Rimba Ilmu is an important repository for many types of plants, including conservation collections of rare and endangered plants, and special collections of the useful plants (such as citruses and starch palms) and their wild relatives. In 2001, two other special collections, bamboos (sponsored by the International Plant Genetic Resources Institute) and bananas (anchored by one of the university's research groups in banana cytology), were also begun. Over 2004-5, with the assistance of DHL and involving their employees, a special collection of Malaysian forest trees has also been established. Outside of the Rimba Ilmu, it may be very difficult to observe so many different species of some groups, and the habitats of some of these plants may have already been altered or damaged. Conservation also involves public awareness, and visitors are first treated to a permanent exhibition on Rain Forests when they start to get familiar with the Garden.

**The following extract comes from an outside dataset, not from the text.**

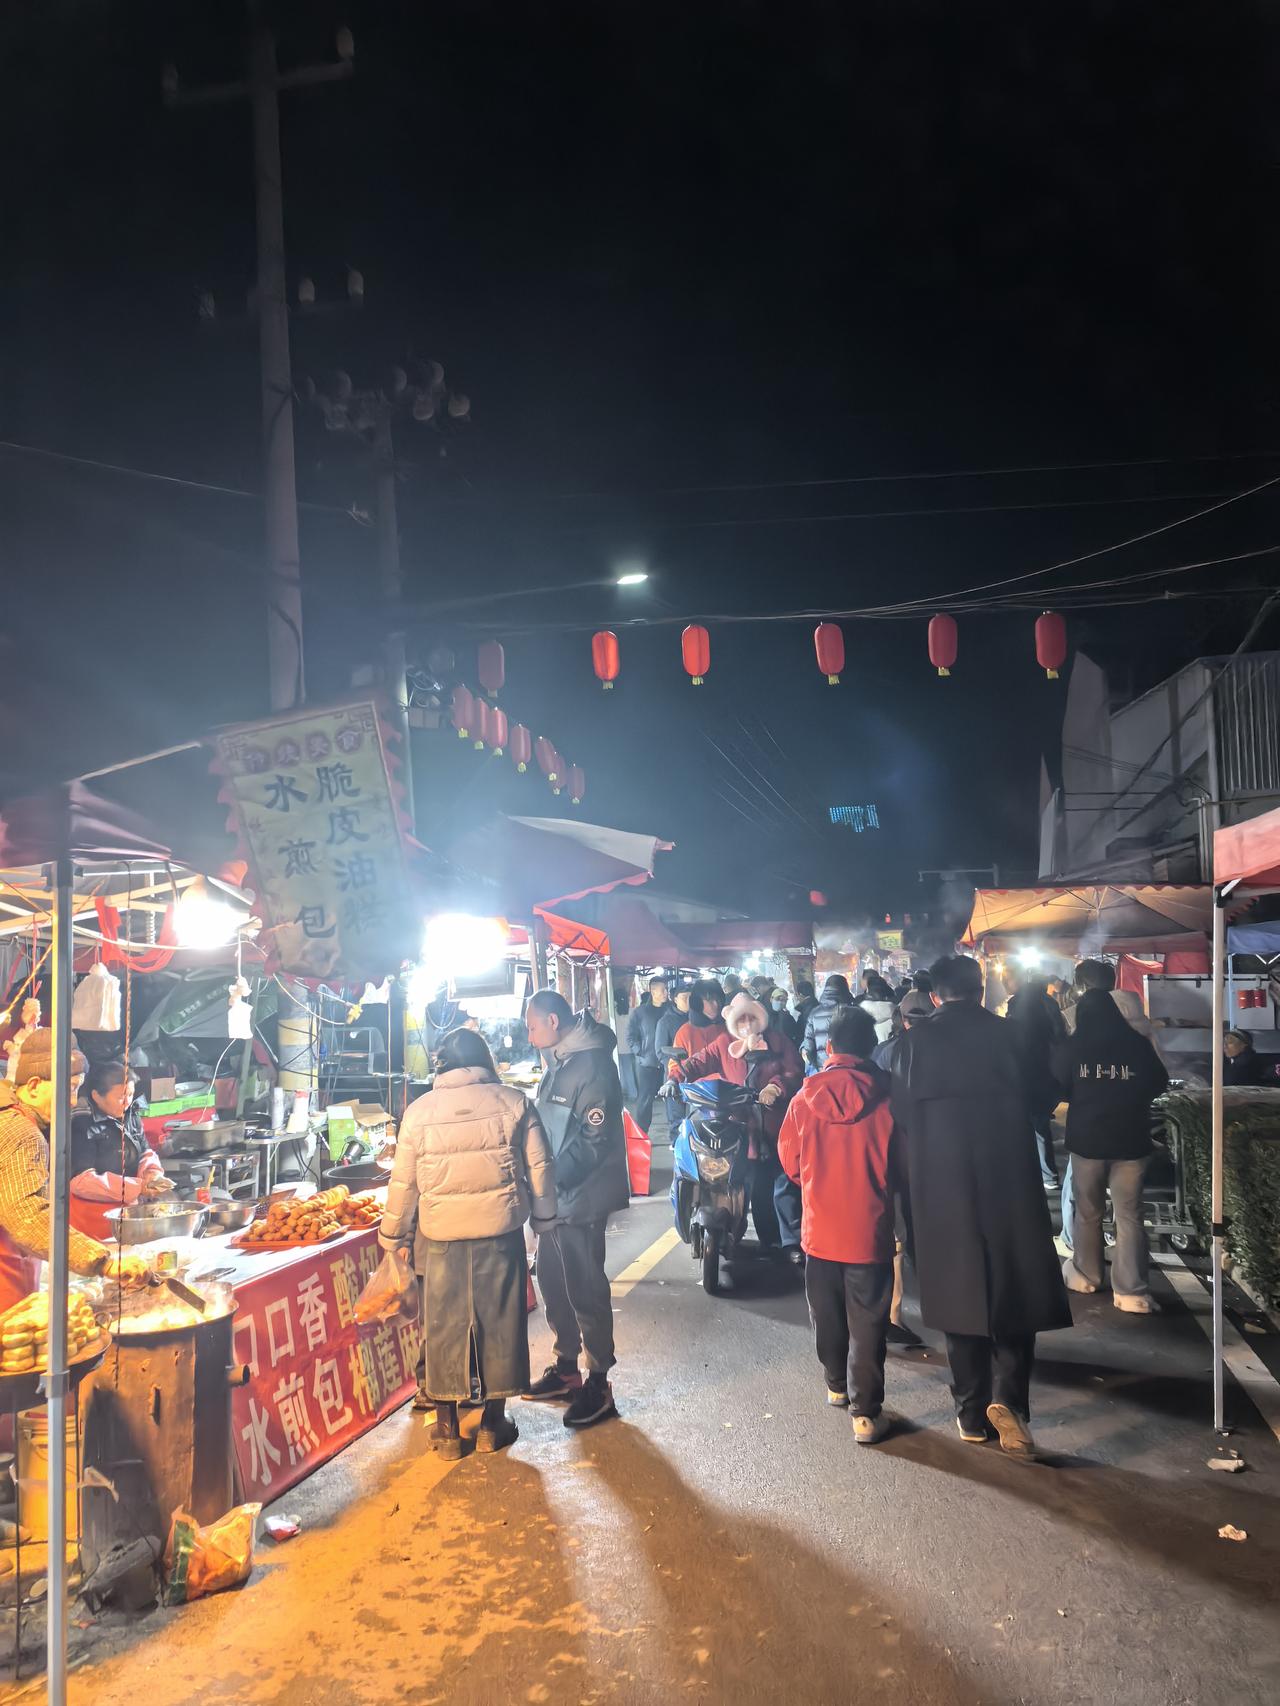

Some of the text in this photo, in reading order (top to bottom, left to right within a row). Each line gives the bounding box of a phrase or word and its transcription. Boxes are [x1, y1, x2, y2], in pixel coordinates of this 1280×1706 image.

[264, 774, 336, 939] 水煎包
[241, 1322, 421, 1486] 水煎包 榴莲麻

A section of the Rain Forests and Our Environment Exhibition.
Photo: E. Minoura
2. Education and Public Awareness
At Rimba Ilmu we can learn about the natural heritage of the Malaysian region and its plant structure, growth habits and uses. The Rimba Ilmu is principally used in the teaching of botany and plant conservation at the University, but is now open to visitors for a small entry fee. Many school groups visit us, and in addition there is also an Environmental Education Programme. Young visitor groups (kindergarten / playschool and primary school groups are normally handled through the Malaysian Nature Society, which works together with the Rimba Ilmu for some of these programmes).
School group in the Rimba Ilmu.
Photo: M.S. Zahid
Rimba Ilmu continues to be an important and convenient research site for many scientific studies, such as phytochemistry (studies into the chemical properties of plants, including medicinal uses and anti-bacterial properties, etc.), plant growth and structure, and even insect life. The Rimba Ilmu Building at the northeast flank of the gardens houses, among other facilities, the herbarium, a lecture hall, and a permanent interpretative exhibition. There is also a Rare Plants and Orchid Conservatory which, as its name implies, caters to special research collections and work with rare plant species. Primary research at the Rimba Ilmu is centred on Southeast Asian bamboos, the Rubiaceae (coffee-family), the genus Fagraea (tembusu family, Gentianaceae), secondary forest ecology and plant biodiversity of the Malaysian region.
Related to the African Violet, Orchadocarpa lilacina, here photographed by the pool in the Conservatory, is the sole species of this genus, endemic to Peninsular Malaysia.